Are you fucking kidding me?  I just spent two hours clearing this up.  You have the information in your system now.  Go ahead and turn your computer on.  Do it now while I'm on the phone so I can guide you through the process.  She's been checking that detail for the last 45 min... apparently their computers are made of bark.  Meanwhile...
"Oh hai there! Btw: your insurance wont be covering your Remicade appt because you were referred by your GI's office and not be the university health center!"
.................. is a referral by the doctor to whom I was referred by the university health center not by proxy a fucking referral?   I'm looking into it.  Because apparently their phones to other offices are also made of bark.  I'm sure I'll find out right after I get the bill.
6.  your PI and lab manager being in disagreement on the critical details of your new rotation project and failing to let you in on their decision 2hrs before your scheduled surgeries to use your mice for some other thing that came up... is just not cool.  serious demerits, y'all.

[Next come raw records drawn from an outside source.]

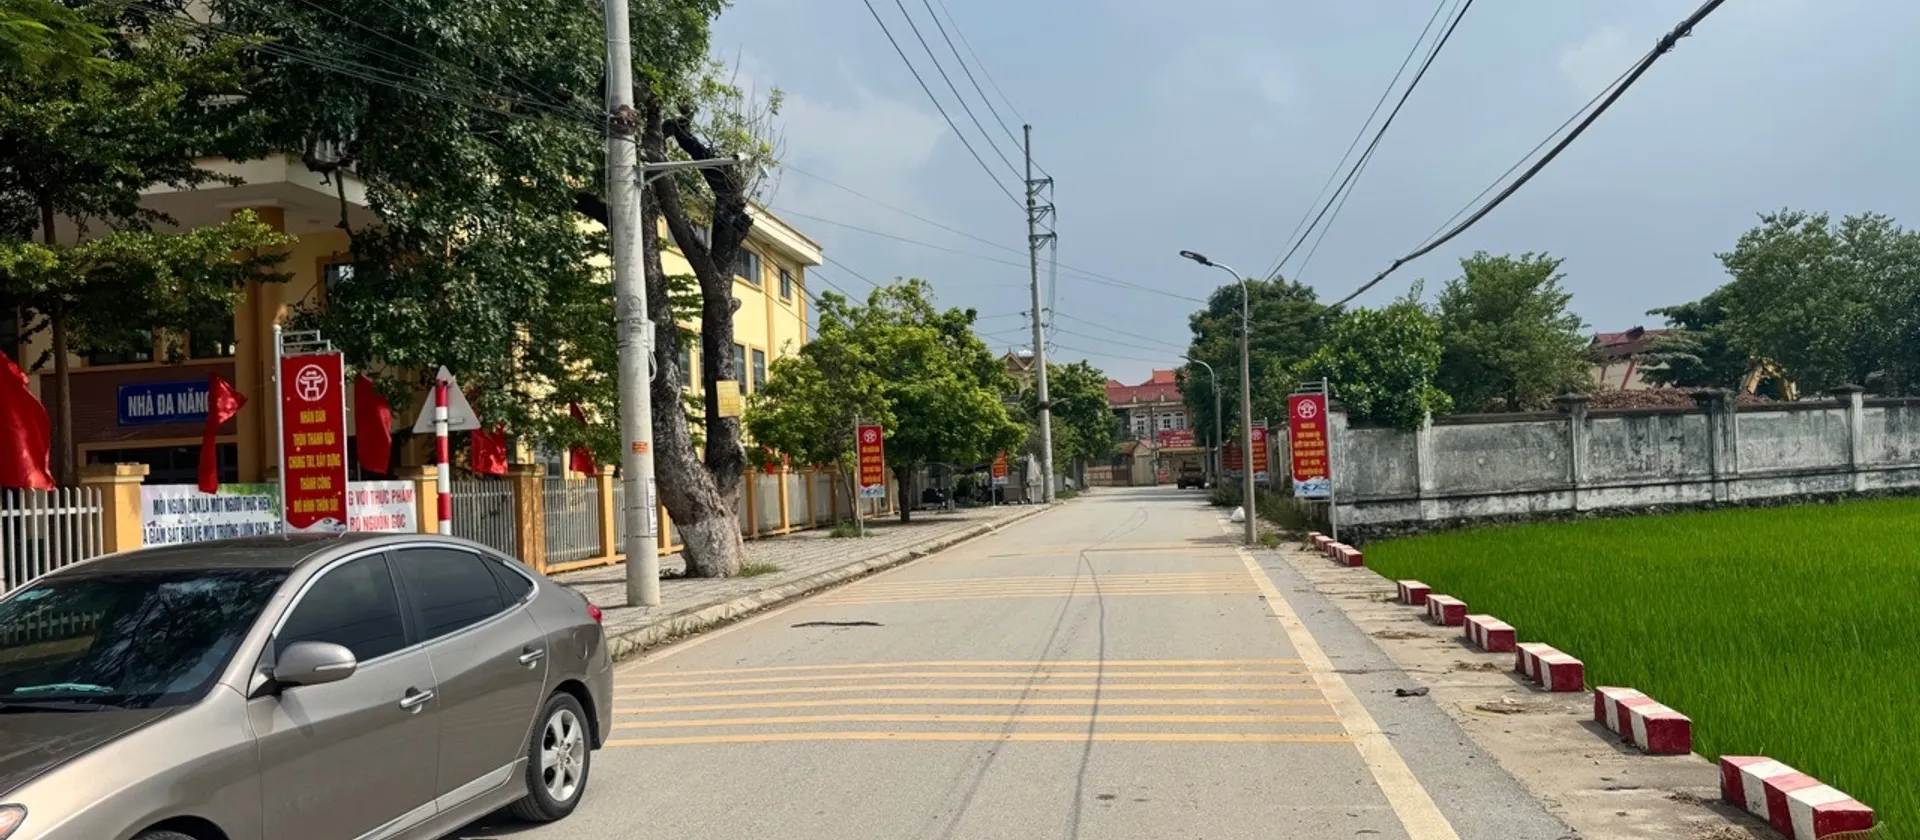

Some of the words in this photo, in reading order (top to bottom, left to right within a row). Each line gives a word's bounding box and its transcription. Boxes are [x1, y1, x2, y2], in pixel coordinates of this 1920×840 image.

[128, 390, 154, 416] NHÀ
[157, 393, 174, 415] ĐA
[370, 489, 390, 507] THỰC
[363, 512, 389, 531] NGUỒN
[391, 510, 406, 528] GỐC
[167, 523, 180, 542] SÁT

7.  TGI-take-home-midterm-F!

Tuesday, November 1, 2011

How to Suvrive in a Disorganized Lab

My first rotation has been in a large, renowned but chaotic lab.  We're about halfway through the term, and I have been mildly successful.

There is but one overarching rule for any student in a lab such as this (or any lab environment, for that matter):  be respectfully assertive.

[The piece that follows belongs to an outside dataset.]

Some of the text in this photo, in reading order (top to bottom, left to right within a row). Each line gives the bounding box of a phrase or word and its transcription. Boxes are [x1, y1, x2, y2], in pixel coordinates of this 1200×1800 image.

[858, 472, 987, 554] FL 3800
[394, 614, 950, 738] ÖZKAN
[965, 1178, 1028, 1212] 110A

This is an ubmrella rule that includes but is not limited to the following:

1.  Make sure that you are actually trained before you are sent off to perform experiments and obtain data.  It is a waste of everyone's time and materials (and dangerous if you are working with animals or viruses, etc.) to risk a new lab member collapsing an experiment because they were not properly trained*.  Seriously.  If your lab mentor is not up to the task, find someone who is or talk to your PI.  You can do this respectfully, with the understanding that your lab mentor may be distracted or under an unusual amount of pressure.

2.  Do not be afraid to ask questions and seek communication.  This seems obvious, but in certain labs it is difficult to gauge whose office/bay you can barge into with questions at any time, and with whom you need to set up an appointment by email to drop by for a 5 min discussion.  Find these details out early on in order to facilitate moving projects along.  Anyone in your lab should be happy to help you, or direct you to someone better equipped to do so.

3.  Your lab schedule will be dependent on the schedule of the person/people training you until you are self-sufficient.  And even then, you may have to coordinate sharing space/equipment and assistance on certain procedures.  Be respectful of the demands on the people training you, but do not submit to being trampled all over either.   

In my current lab, not many people typically know what is going on at any given time.  This is problematic as there is an extensive amount of sharing space/equipment, and many people participating in different elements of the same projects.  It's something they're [we're] working on... little by little.  It's something that I'm learning to navigate with mild success.

* experiments go awry often enough on their own without this variable aiding their demise.